During the London trading session on 20th October 2022, leader of the governing Conservative party in the UK, Liz Truss, officially announced her intention to resign, leading her to become the shortest-serving prime minister in UK history. In the span of 45 days in office, the economic turbulence that Truss brought to the UK shook out countless of investors as the proposed monetary policies were too impactful.
UK’s Economic Climate
Just like any other major economy, the UK is currently being eroded by high inflation from monetary policies during the Covid-era. On 21st October 2022, consumer price index figures in the UK rose to 40-year highs at 10.1% [1]. The Bank of England’s (BoE) has attempted to quell the heat of inflation through an aggressive rate hike cycle, but efforts seem to be futile.
Fuelling the inflation flames is the on-going Russia-Ukraine war which has depleted the supply of energy to nearby nations such as UK and the Eurozone. Before the conflict, Russia supplied the UK with gas, oil, and coal. However, the import of gas and coal were cut-off as the conflict escalated. While the UK does not rely on Russian energy as much as other European nations, the inflationary impact due to lack of supply can be felt through the UK [2].
In the meantime, the UK government were discussing and planning possible energy bills to curb the energy-related inflationary pressures.
Timeline of Liz Truss
- 5th September 2022: Truss is elected as prime minster of the UK. Previously serving as Britain’s Secretary of State for Foreign, Commonwealth and Development Affairs and Minister for Women and Equalities, Truss replaced former prime minister Boris Johnson.
- 8th September 2022: Prime minister Truss plans to put a cap on domestic energy prices.
- 23rd September 2022: Finance minister Kwarteng proposes “mini-budget” to parliament with support from Truss. This involves massive tax cuts which attempts to boost economic growth and generate increased revenue.
- 24th September 2022: International Monetary Fund (IMF) speaks about the UK economy, calling for a reversal in tax policy.
- 26th September 2022: Potential massive tax cuts throw UK financial markets into a turmoil, leading the Pound to fall to an all-time low against the US Dollar. The BoE was forced to step in to support the bond market and prevent a possible wider economic collapse.
- 27th September 2022: Opposition parties accuse the UK government of “losing control of the British economy”.
- 12th October 2022: The BoE stops support for the UK bond market, leading to the Pound’s further decline. Official economic figures in the UK declines with additional fears of recession from the BoE’s aggressive rate hike cycle.
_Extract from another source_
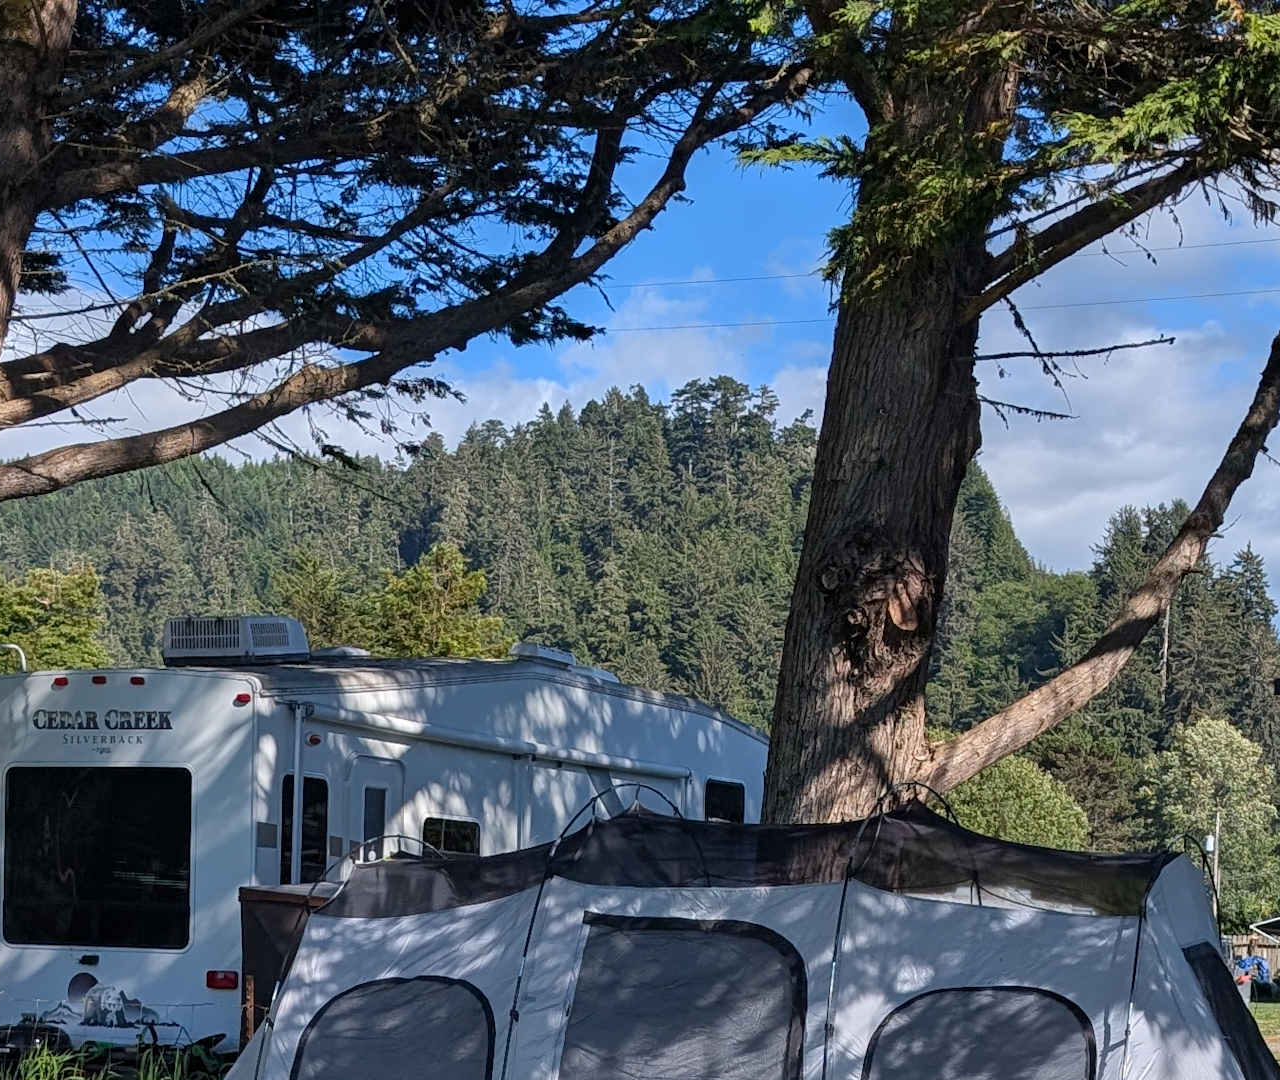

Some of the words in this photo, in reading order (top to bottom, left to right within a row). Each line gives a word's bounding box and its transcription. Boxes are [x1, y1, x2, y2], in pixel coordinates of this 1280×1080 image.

- 13th October 2022: During the IMF meeting in Washington, the UK governments monetary proposals are heavily criticised by global financial leaders.
- 14th October 2022: Truss fires political ally Kwarteng and hires Hunt as replacement.
- 17th October 2022: Hunt issued a statement to reverse all tax cuts from the proposed “mini-budget”.
- 20th October 2022: Liz Truss resigns as prime minister of the UK after 45 days.
Impact on GBPUSD
Throughout the 45 days Liz Truss was prime minister, GBPUSD declined a total of 2.06%. With Pound weakening from UK’s government policies and the US Dollar rapidly gaining in value, this led to GBPUSD sinking to 1.30565, creating all-time lows and sinking to levels not seen since 1985. After much persuasion from the IMF and intervention from the BoE, the pound recovered some of its losses, climbing back up from its all-time lows and is currently trading within a consolidation.
What’s next for the UK?
Even though Truss has resigned, the geopolitical and economic conditions appear to be bleak. Inflation is still plaguing the nation, recessionary fears are growing exponentially as BoE aggressively raise interest rates, and reduction of energy supply from Russia are still dominant news headlines in the UK. Moving forward, the new prime minister, Rishi Sunak, would need to heal the economic damage that Truss has caused while in power.
As the Pound moved aggressively lower during the time Truss was prime Minister, the future movement of GBPUSD may not be dependent on who Sunak is. Rather, it could be dependent on what the BoE’s monetary policy is, more specifically, on interest rates. With inflation at all-time highs and interest rates at 2.25%, an even more aggressive rate hike of 75 bps could be what the Pound needs to start its bullish run.